Gavi supports the introduction of IPV with funding from GPEI in eligible countries and helps to strengthen routine immunisation programmes.

IPV introduction

The Vaccine Alliance continues to support one of the fastest roll-outs in the history of vaccination: the introduction of at least one dose of IPV into the routine immunisation schedules of Gavi-supported countries.

Countries introducing IPV receive a one-time cash grant from Gavi, funded by GPEI, to support some of the additional activity costs related to introducing the new vaccine. These activities may include health worker training, social mobilisation, micro-planning, expansion or rehabilitation of cold chain equipment, printing of materials (such as immunisation cards), technical assistance and modifications to the surveillance systems.


Routine immunisation is the sustainable, reliable and timely interaction between the vaccine, those who deliver it and those who receive it to ensure every person is fully immunised against vaccine-preventable diseases.

Strengthening routine immunisation is a pillar of the polio eradication strategy.
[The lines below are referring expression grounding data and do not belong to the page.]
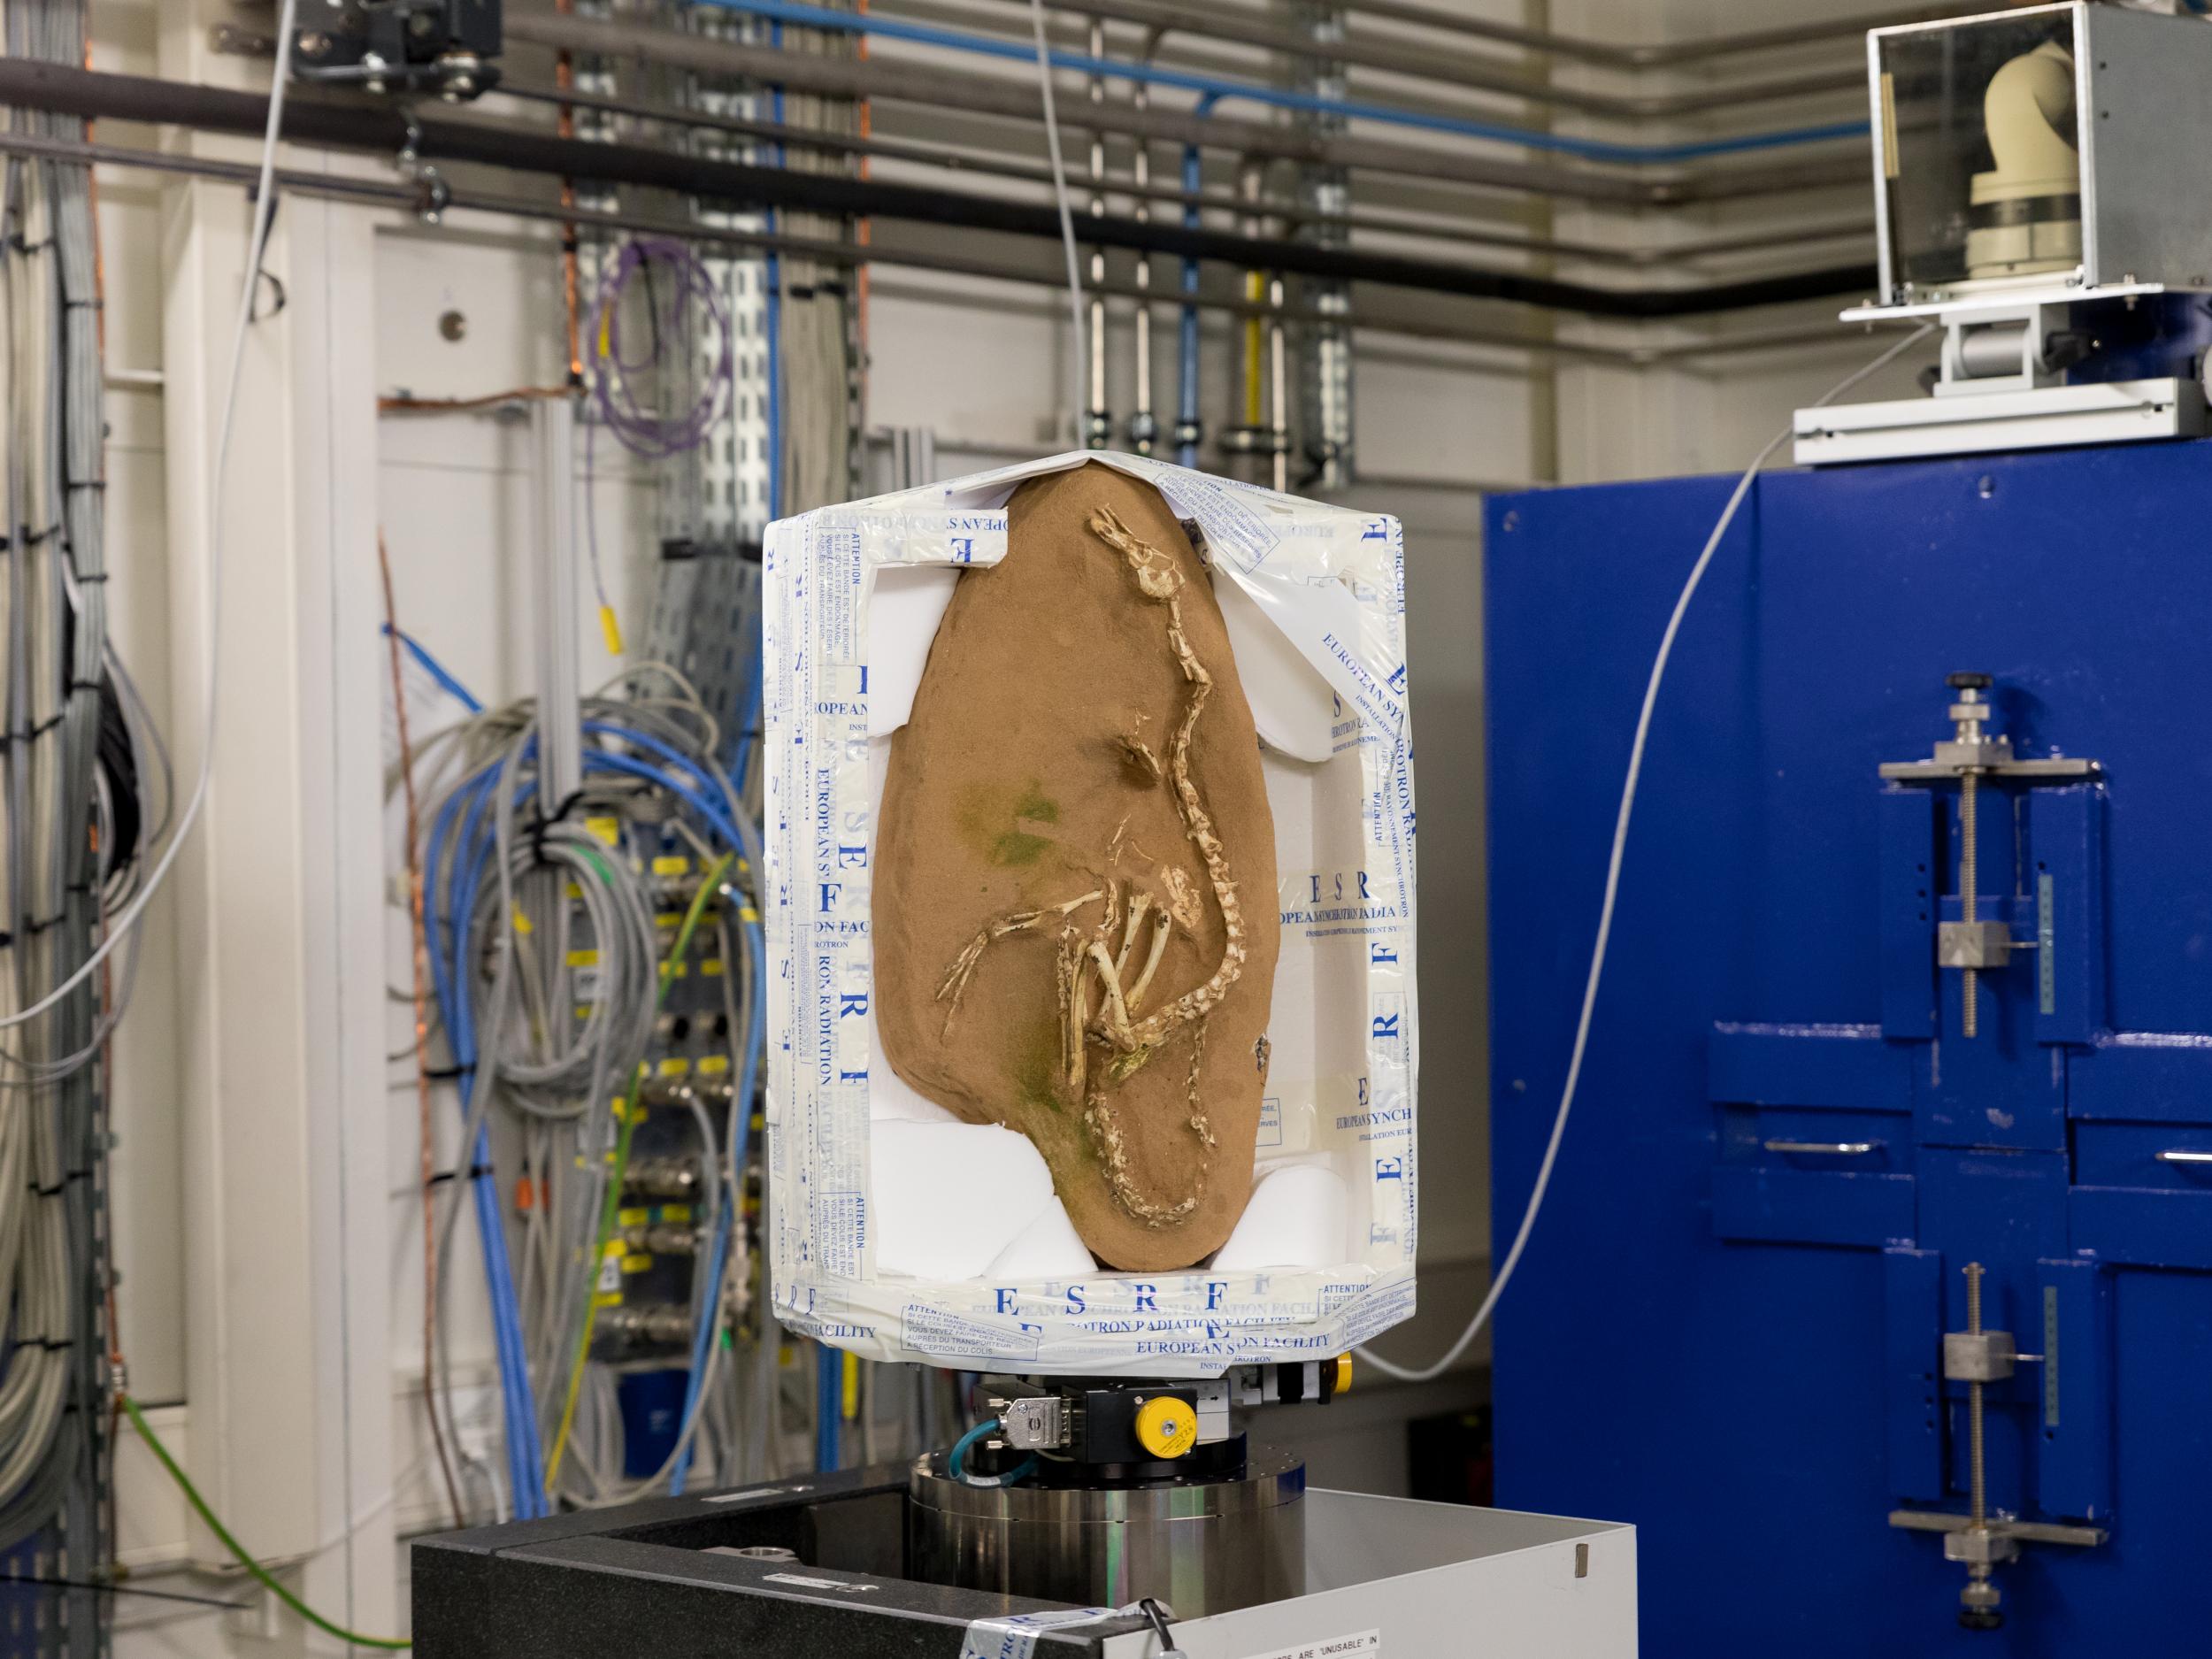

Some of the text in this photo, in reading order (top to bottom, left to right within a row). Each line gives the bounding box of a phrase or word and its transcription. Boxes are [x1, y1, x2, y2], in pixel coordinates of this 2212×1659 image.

[851, 533, 861, 585] ATTENTION
[817, 768, 830, 858] EUROPEAN
[838, 842, 867, 870] E
[818, 883, 842, 913] F
[1310, 871, 1371, 903] E S R
[840, 990, 869, 1020] R
[819, 995, 832, 1086] RADIATION
[1372, 1012, 1399, 1041] R
[1375, 1156, 1402, 1183] E
[856, 1196, 864, 1249] ATTENTION
[994, 1287, 1019, 1316] E
[1065, 1285, 1086, 1315] S
[1133, 1284, 1158, 1312] R
[1204, 1282, 1229, 1310] F
[929, 1327, 954, 1336] DEVEZ
[951, 1337, 1012, 1349] TRANSPORTEUR
[972, 1347, 994, 1356] COLIS
[1137, 1341, 1223, 1355] EUROPEAN
[1369, 1635, 1378, 1645] IN
High coverage provides a strong base for population immunity to prevent polio outbreaks and builds a sustainable platform for the introduction of IPV and other life-saving vaccines.

In polio-endemic countries, the virus persists in marginalised populations where health and immunisation services are largely non-existent, and where oversight and management of primary health care systems are weak.
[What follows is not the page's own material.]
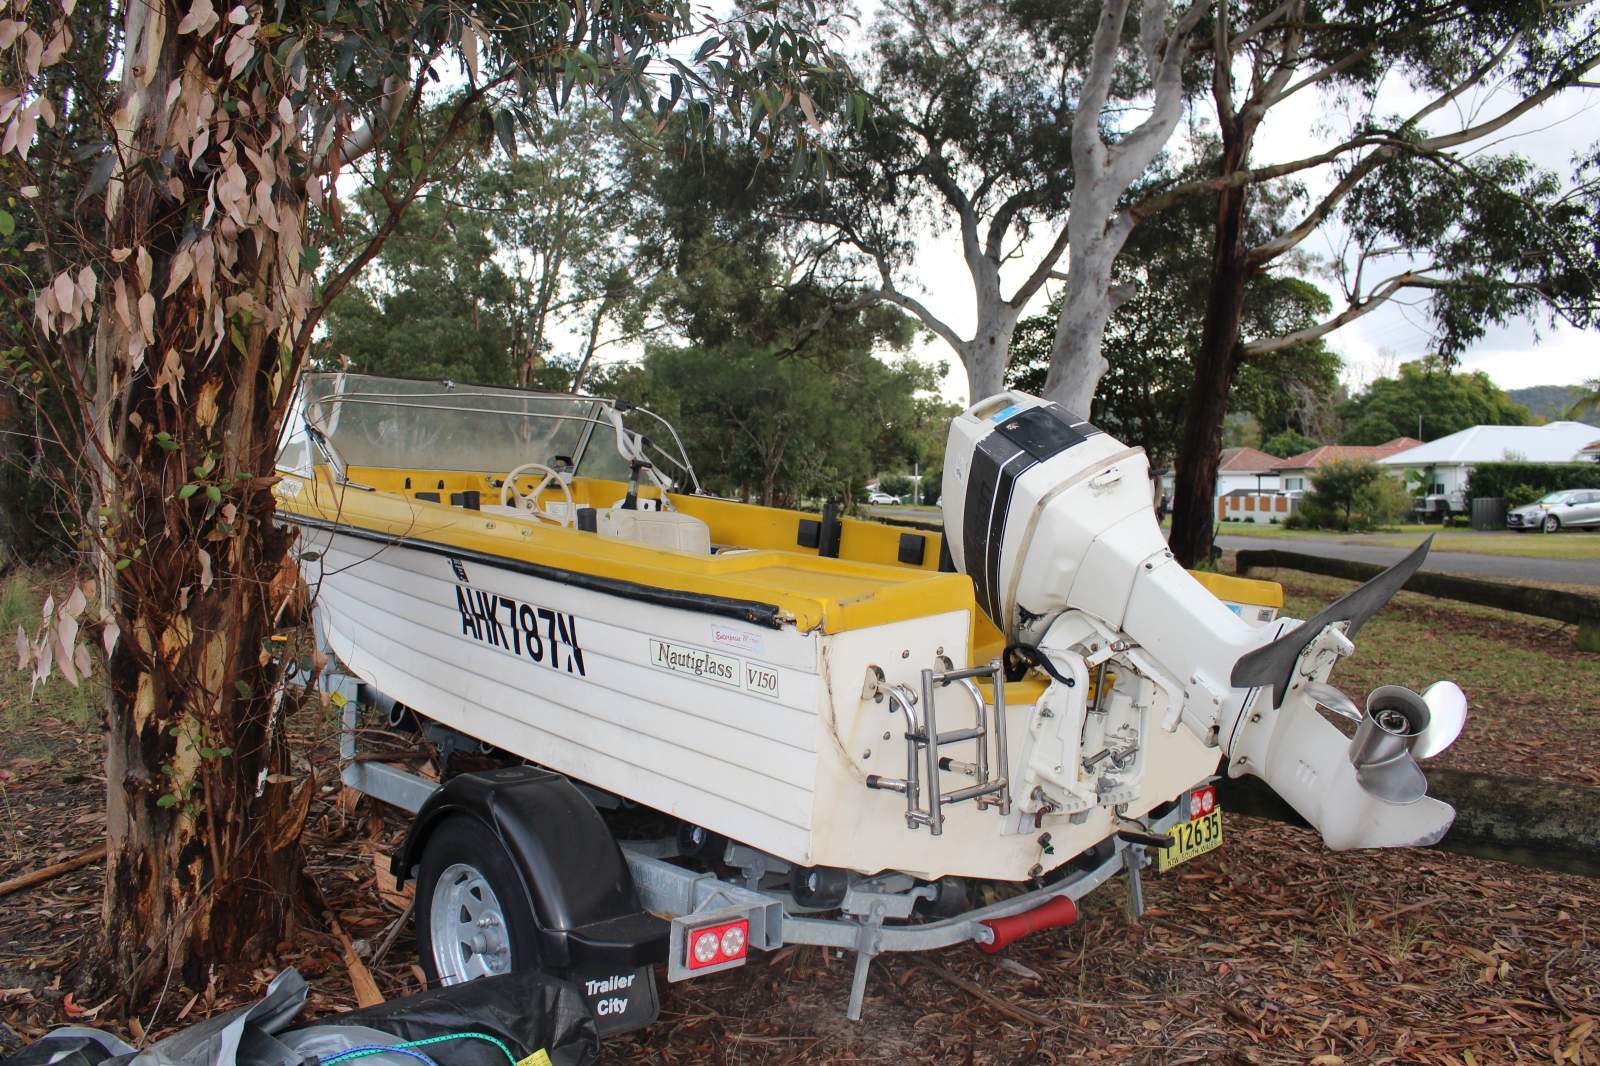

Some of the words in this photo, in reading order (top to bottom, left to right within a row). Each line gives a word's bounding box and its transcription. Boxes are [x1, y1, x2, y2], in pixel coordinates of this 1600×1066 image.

However, the poliovirus cannot survive for long periods outside the human body. Without an unvaccinated person to infect, the polio virus will die out. As a result, strengthening routine immunisation is a critical factor in successfully interrupting all poliovirus transmission.

Polio endgameGavi is working with GPEI and other key partners to strengthen routine immunisation in 10 focus countries targeted by the Polio Endgame Strategy. The countries (Afghanistan, Angola, Chad, DR Congo, Ethiopia, India, Nigeria, Pakistan, Somalia, South Sudan) all have significant numbers of partially and non-vaccinated children. 

These efforts benefit from the expertise developed by GPEI since 1988 to support and strengthen broader immunisation activities.

Maximise, manage, mobilise, monitor

Strengthening routine immunisation involves:

  • maximising the reach of vaccines through a well-functioning supply and cold chain system, detecting unreached groups, efficient service delivery and the capacity building of vaccinators and supervisors;
  • managing programmes with strong political and management support, effective planning, as well as policy and strategy development;
  • mobilising people to generate demand through community and caretaker engagement; and
  • monitoring programme performance with rigorous disease surveillance, data analysis and evaluation.

Together, routine immunisation and polio assets amplify each other’s impact towards a polio-free world, and towards improving health overall.